▸ INSTRUCTIONS TO FOLLOW: Everything in the listing below should be repeated exactly, apart from the pictures.

▸ INPUT RECORDS:
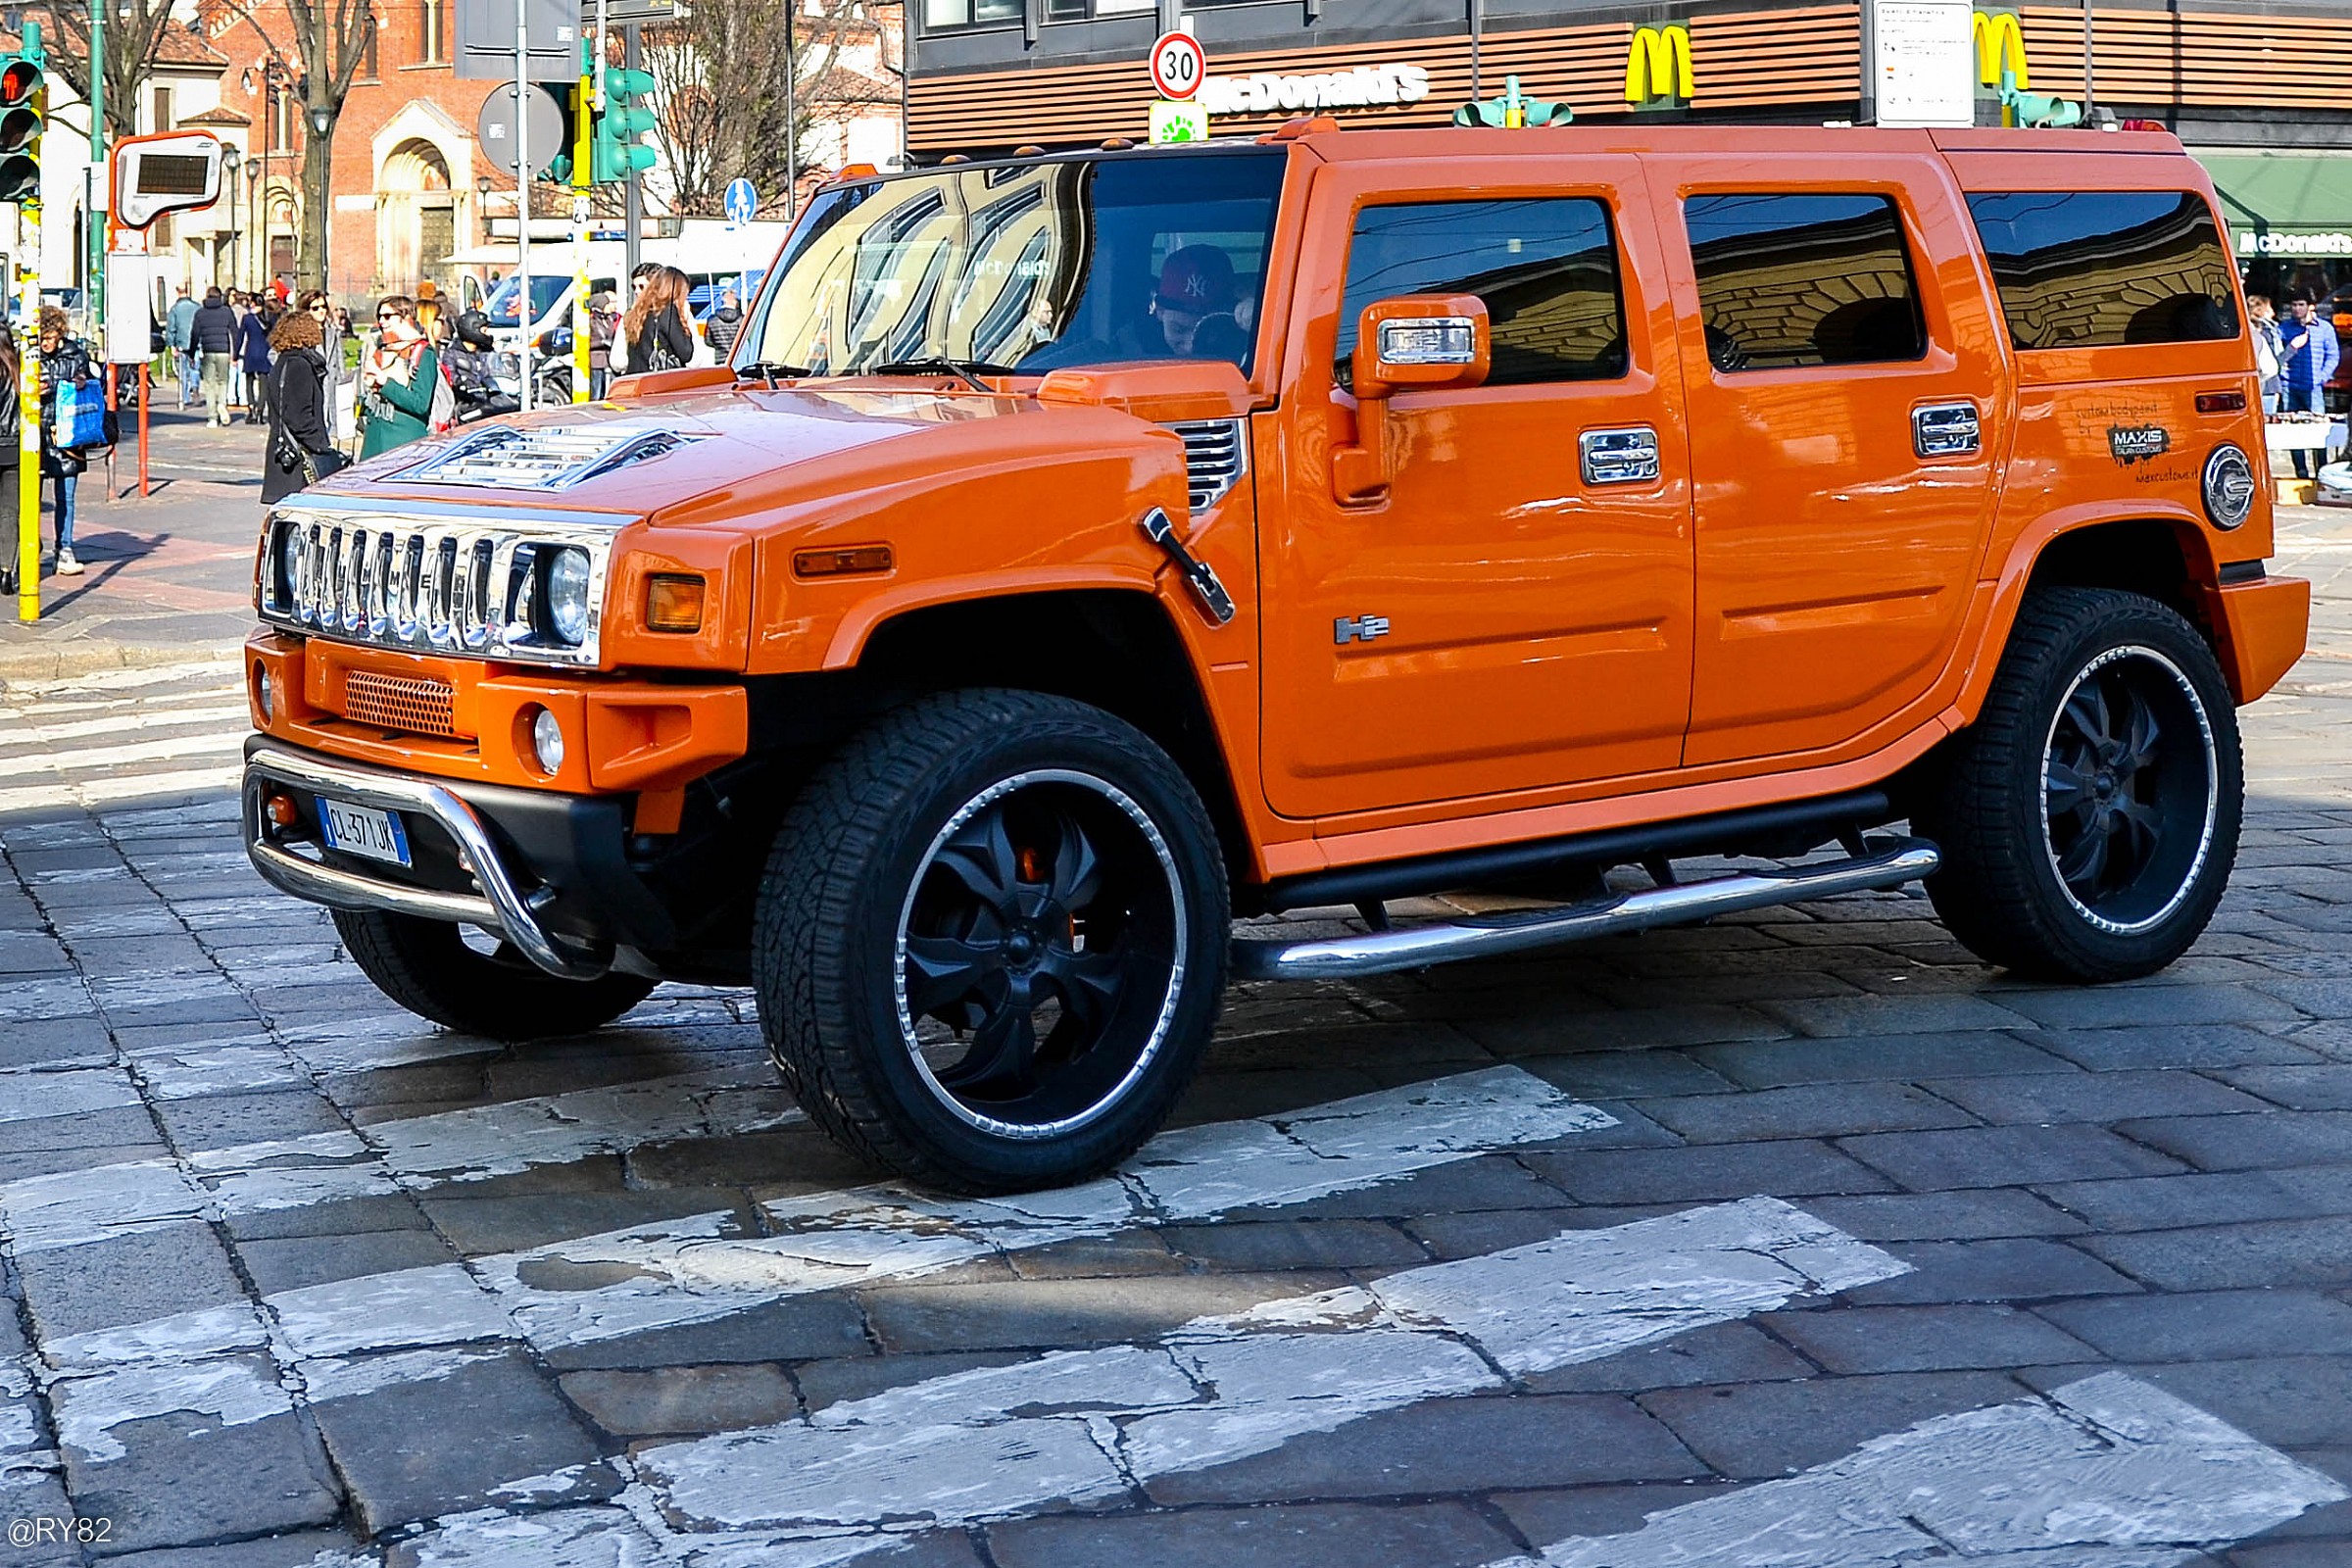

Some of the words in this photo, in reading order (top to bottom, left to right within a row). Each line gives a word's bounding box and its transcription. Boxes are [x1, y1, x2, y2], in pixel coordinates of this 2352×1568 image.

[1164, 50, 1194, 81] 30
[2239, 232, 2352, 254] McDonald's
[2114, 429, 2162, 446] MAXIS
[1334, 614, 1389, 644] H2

▸ ANSWER SECTION:
Some of the words in this photo, in reading order (top to bottom, left to right within a row). Each line gives a word's bounding box and its transcription. Boxes are [x1, y1, x2, y2], in pixel coordinates of this 2352×1568 image.

[1164, 50, 1194, 81] 30
[2239, 232, 2352, 254] McDonald's
[2114, 429, 2162, 446] MAXIS
[1334, 614, 1389, 644] H2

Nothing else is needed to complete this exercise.